Each New Year, people around the world eat specific foods to summon good luck for the next 365 days. Some popular traditions call for greens, legumes, pork, grains, noodles, and fish. All are symbols of health, wealth, and prosperity for the coming year.
- Greens—including cabbage, collards, kale, and chard—represent folded money. It’s widely believed that the more greens you eat, the larger your fortune will be. In the southern United States, each bite of greens is worth $1000 in the upcoming year.
- Beans, peas, and lentils are also symbolic of money, more specifically, coins. Their small, seed-like appearance swells when cooked, symbolizing growing wealth.
- Pork, because of its rich fat content, signifies prosperity, a full pantry, and happiness.

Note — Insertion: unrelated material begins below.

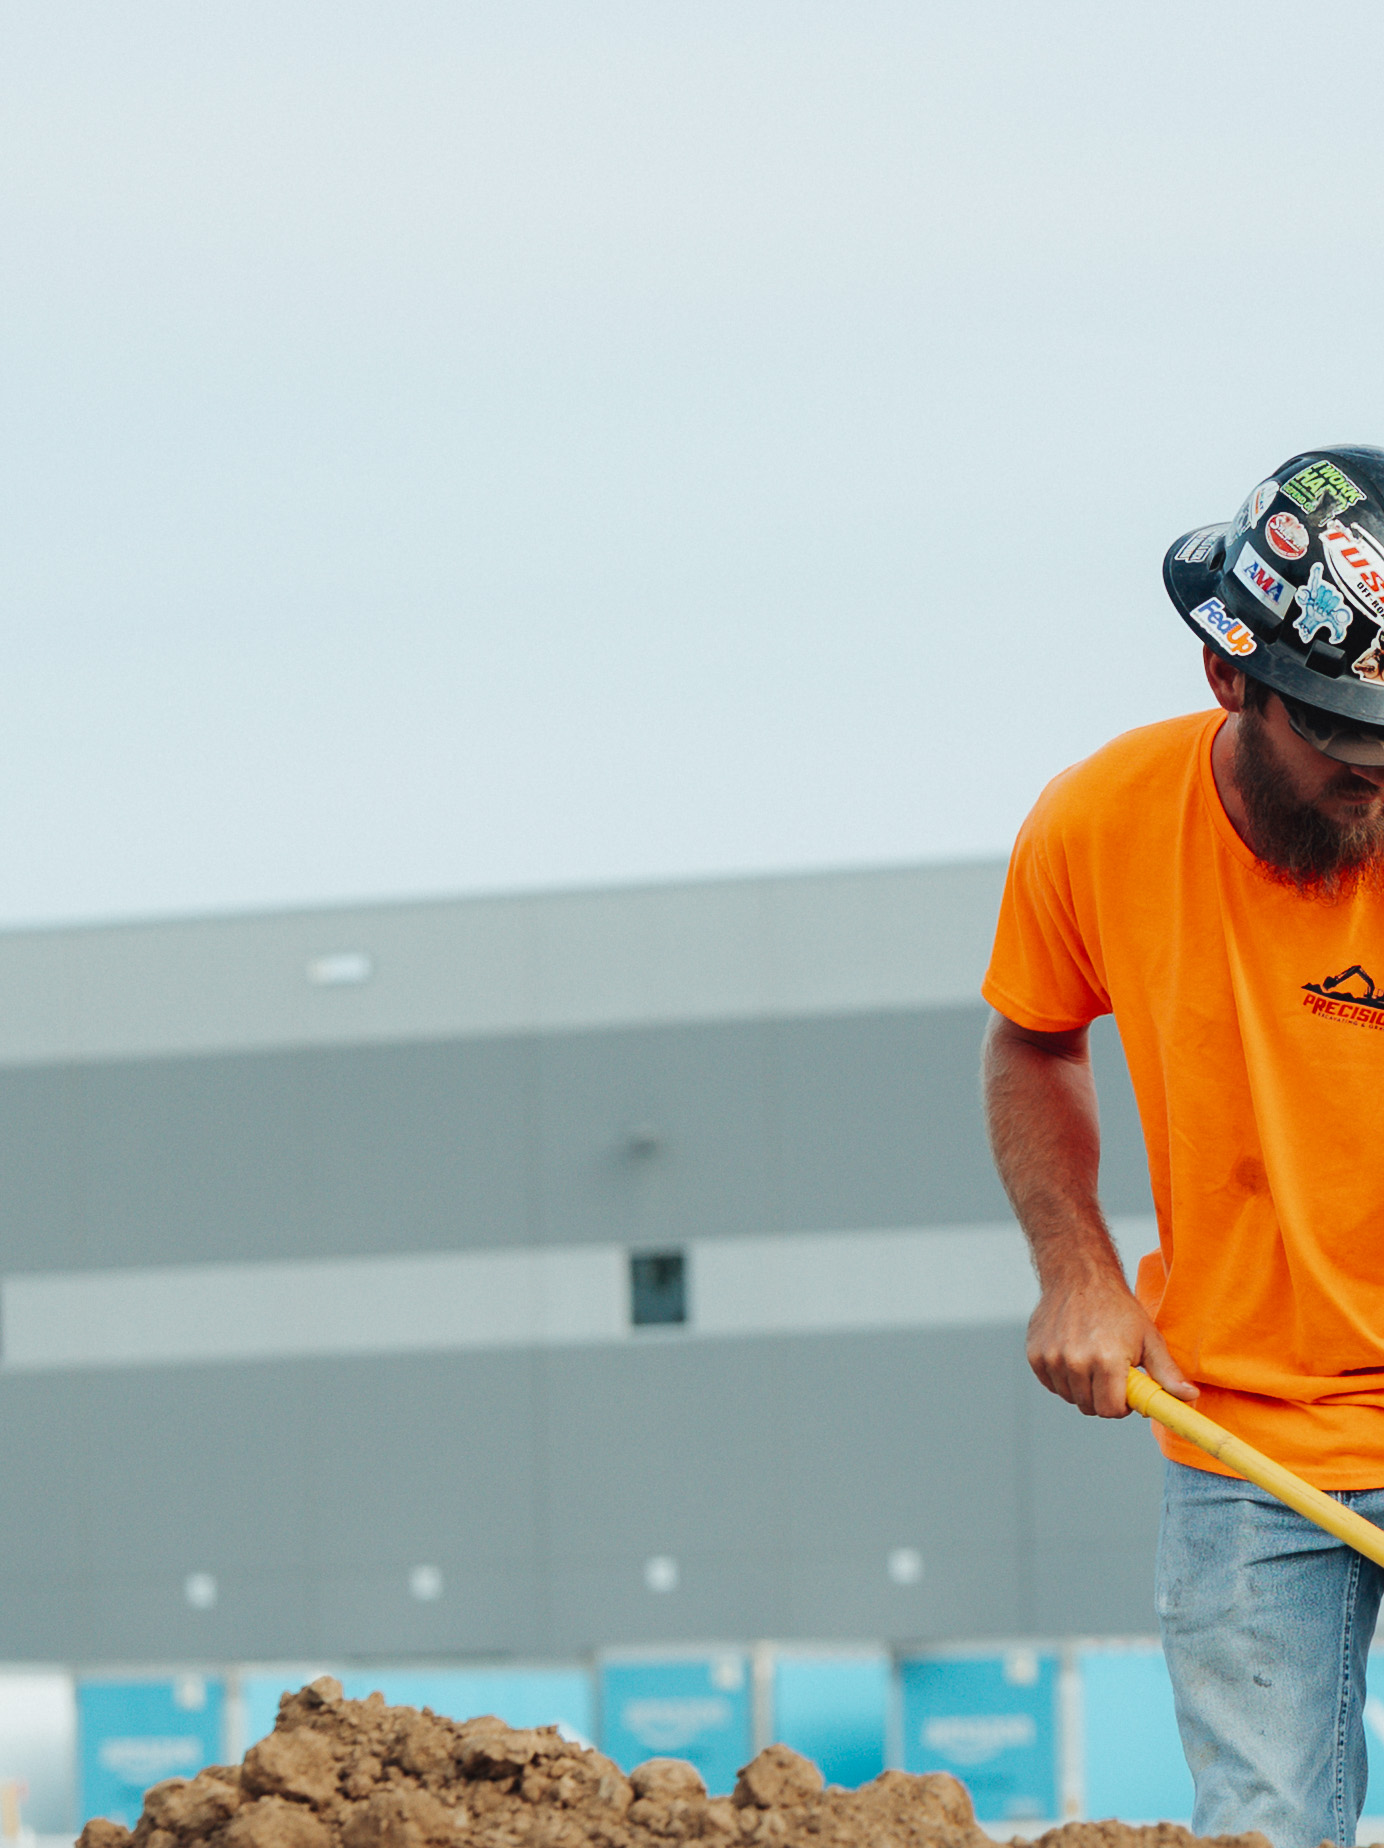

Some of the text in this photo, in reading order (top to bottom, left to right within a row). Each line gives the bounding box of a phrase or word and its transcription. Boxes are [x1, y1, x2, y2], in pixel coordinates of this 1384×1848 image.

[1312, 461, 1327, 469] I
[1319, 465, 1363, 503] WORK
[1244, 561, 1284, 602] AMA
[1198, 600, 1254, 653] FedUp

The custom of eating pork is based on the fact that pigs push their snouts forward as they root for food; this symbolizes progress.

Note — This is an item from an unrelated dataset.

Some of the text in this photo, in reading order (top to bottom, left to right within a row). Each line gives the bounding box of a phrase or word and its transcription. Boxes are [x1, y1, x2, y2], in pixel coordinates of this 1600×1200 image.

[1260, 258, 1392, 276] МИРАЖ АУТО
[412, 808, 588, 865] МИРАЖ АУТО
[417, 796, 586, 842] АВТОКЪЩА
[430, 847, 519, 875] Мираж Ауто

- Grains—like rice, quinoa, and barley—stand for abundance.
- Noodles symbolize long life. The longer the noodle, the better. Key here is slurping the noodle without breaking it to ensure a long life.
- Fish are associated with wealth and abundance. Fish scales are said to resemble coins and there are plenty of them because the fish swim in schools.

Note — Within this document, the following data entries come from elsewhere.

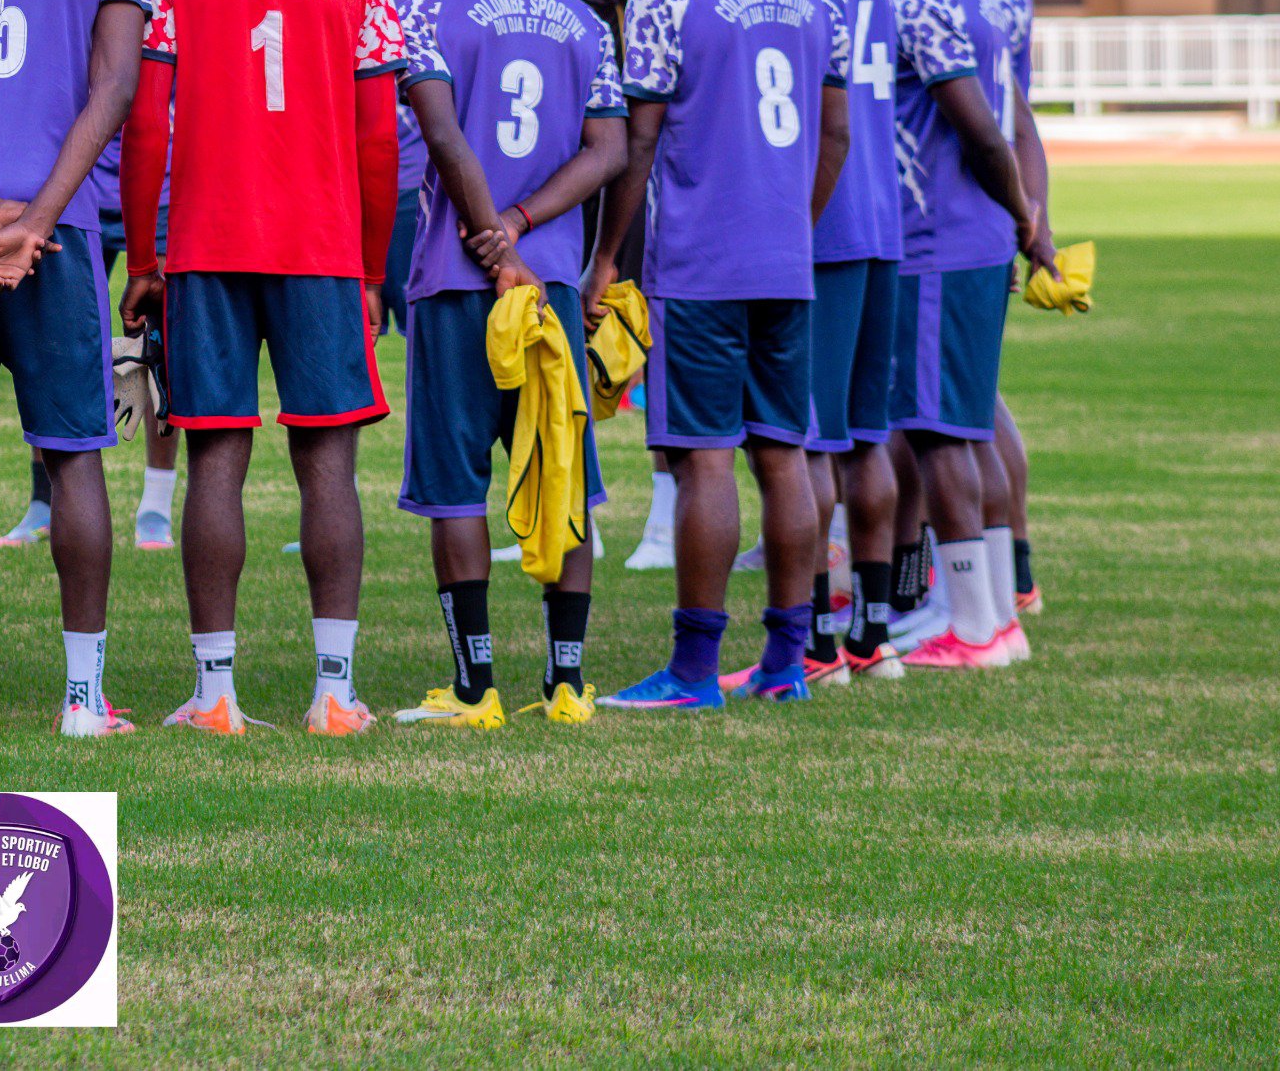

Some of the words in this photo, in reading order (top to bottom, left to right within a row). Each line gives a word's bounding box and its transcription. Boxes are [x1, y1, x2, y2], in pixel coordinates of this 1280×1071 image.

[251, 10, 285, 112] 1
[493, 18, 508, 36] DU
[526, 17, 540, 35] ET
[540, 21, 570, 44] LOBO
[764, 5, 775, 22] ET
[852, 0, 894, 100] 4
[497, 59, 543, 158] 3
[755, 47, 801, 148] 8
[559, 644, 579, 663] FS

- Golden corn bread represents gold coin.
- Ring-shaped cakes, pastries, and breads symbolize the year coming full circle.
On New Year’s Eve in Spain, Portugal, and Mexico, twelve grapes are eaten as the clock chimes twelve times at midnight. Each grape represents a month and predicts how the New Year will go—a sweet grape means the month will be a good one; a sour grape . . . not so good.
PARTY IDEA: Put grapes in sachets or thread onto skewers and serve with a glass of champagne just before the countdown.
Because they resemble brains, walnuts are associated with intelligence. Adding them to a kale (wealth) dish, ensures you’ll make smart financial decisions in the coming year.
According to southern forklore
Back in the days of the Civil War, black-eyed peas were considered animal food. When Union soldiers raided the Confederate food supplies, legend says they took everything but the peas and salted pork. The Confederates considered themselves lucky to be left with the supplies, as meager as they were, and were able to survive the winter. Black-eyed peas became symbolic of luck, and eating 365 of them—one for on each day of the New Year—became a popular tradition.